What needs to be done:
The copy you produce must hold every record exactly, and none of the images.

Data provided:
☆ ☆ ☆
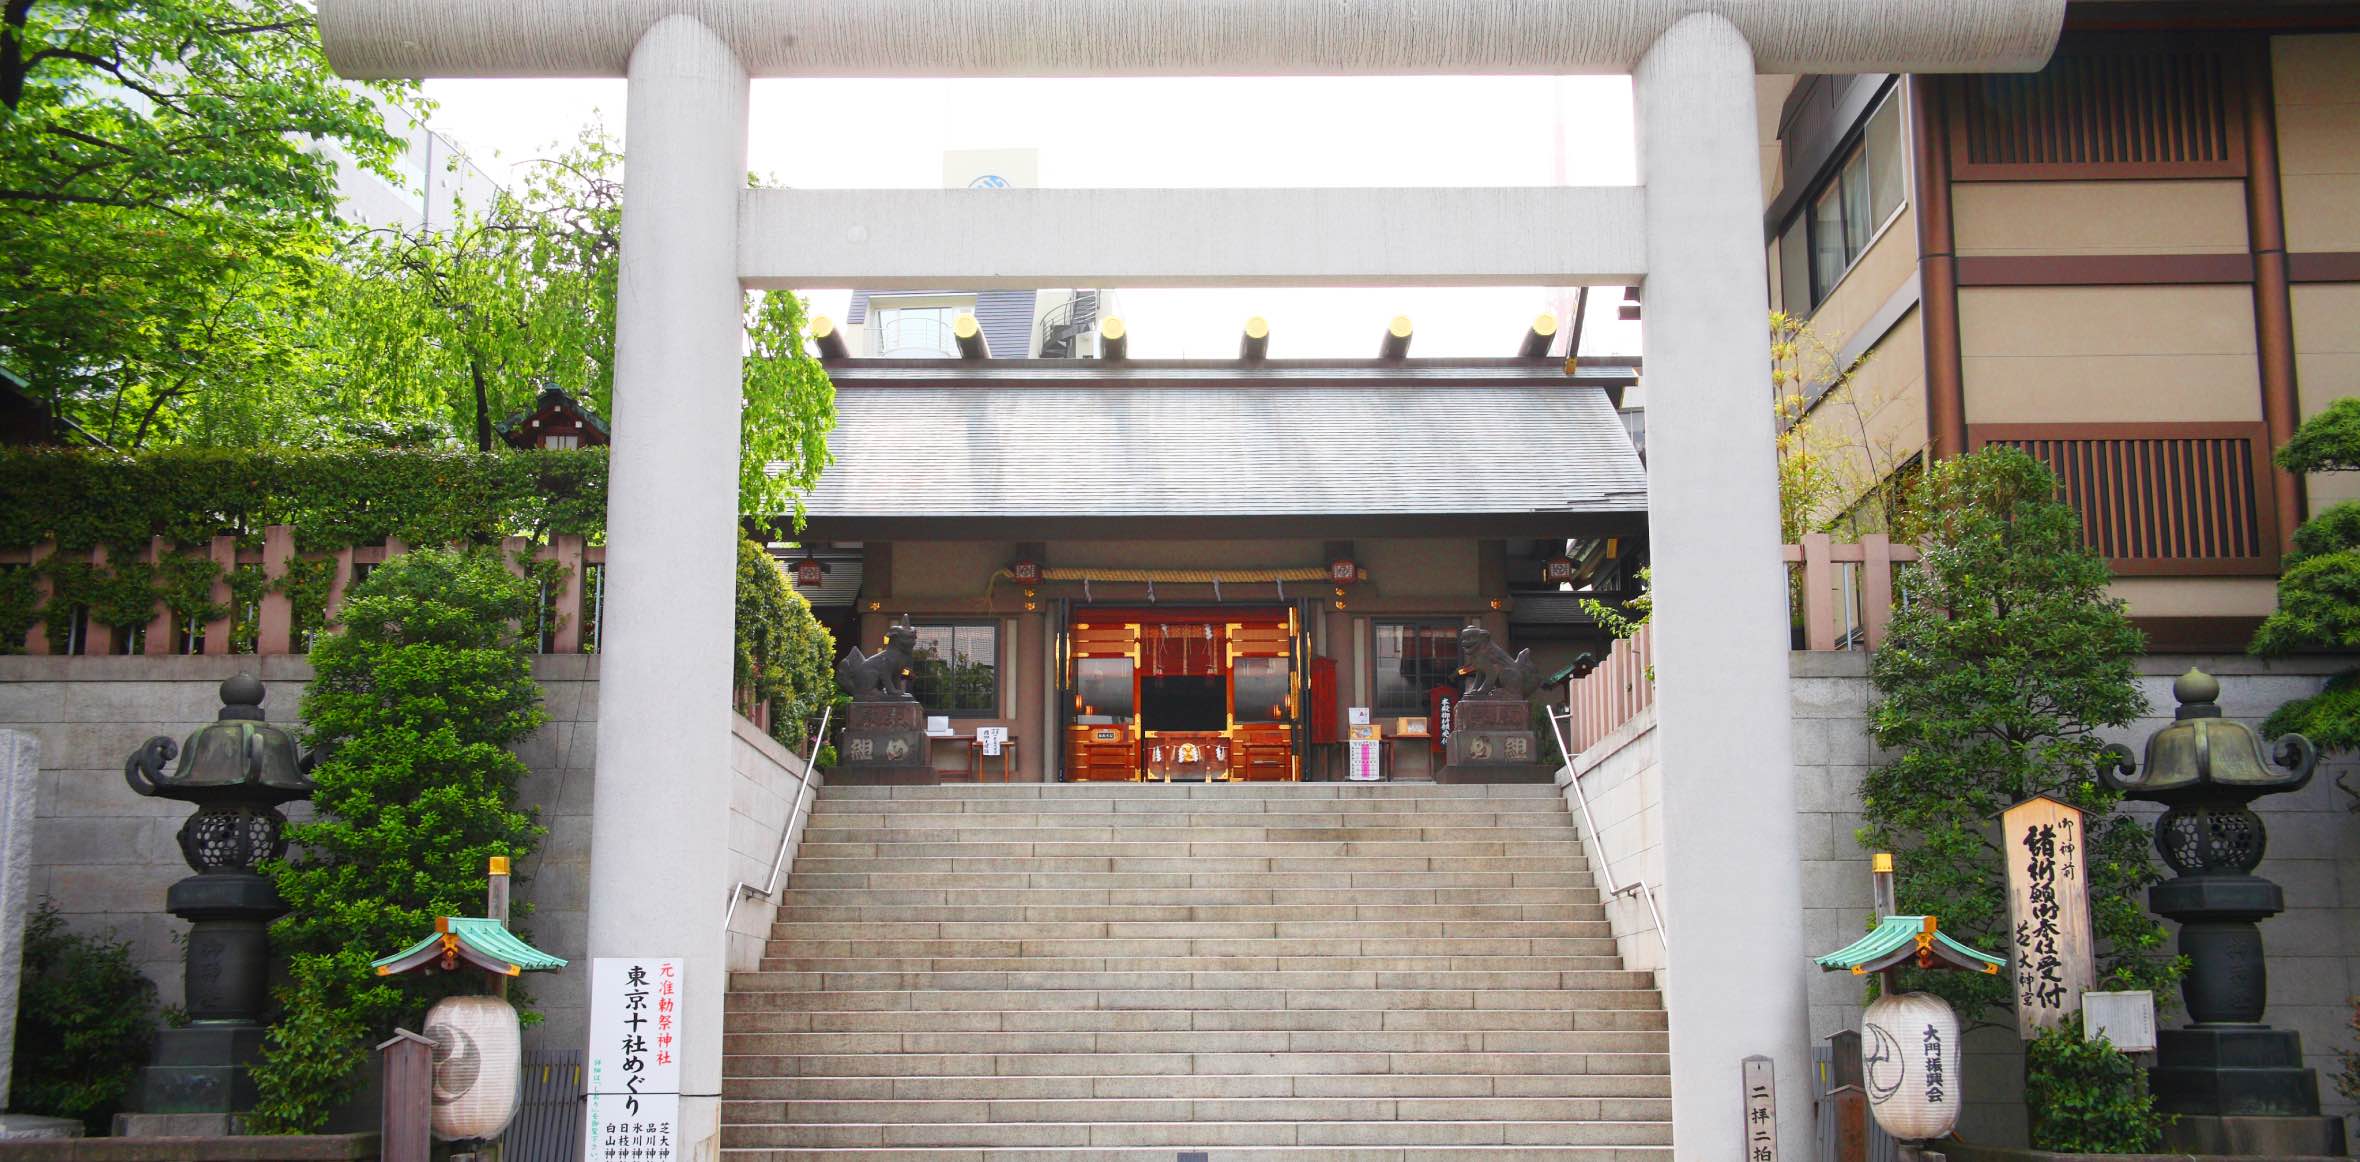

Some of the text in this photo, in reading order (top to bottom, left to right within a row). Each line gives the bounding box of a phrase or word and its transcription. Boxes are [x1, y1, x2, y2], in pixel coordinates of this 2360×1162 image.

[2058, 818, 2075, 880] 御神前
[2016, 919, 2034, 1006] 芝大神宮
[621, 966, 650, 1116] 東京十社めぐり
[1923, 1023, 1944, 1102] 大門振興会
[604, 1122, 616, 1162] 白山神
[618, 1123, 630, 1162] 日枝神
[632, 1122, 643, 1162] 氷川神
[645, 1122, 657, 1162] 品川神
[659, 1122, 670, 1162] 芝大神
☆ ☆ ☆
Written solution:
Some of the text in this photo, in reading order (top to bottom, left to right within a row). Each line gives the bounding box of a phrase or word and its transcription. Boxes are [x1, y1, x2, y2], in pixel coordinates of this 2360×1162 image.

[2058, 818, 2075, 880] 御神前
[2016, 919, 2034, 1006] 芝大神宮
[621, 966, 650, 1116] 東京十社めぐり
[1923, 1023, 1944, 1102] 大門振興会
[604, 1122, 616, 1162] 白山神
[618, 1123, 630, 1162] 日枝神
[632, 1122, 643, 1162] 氷川神
[645, 1122, 657, 1162] 品川神
[659, 1122, 670, 1162] 芝大神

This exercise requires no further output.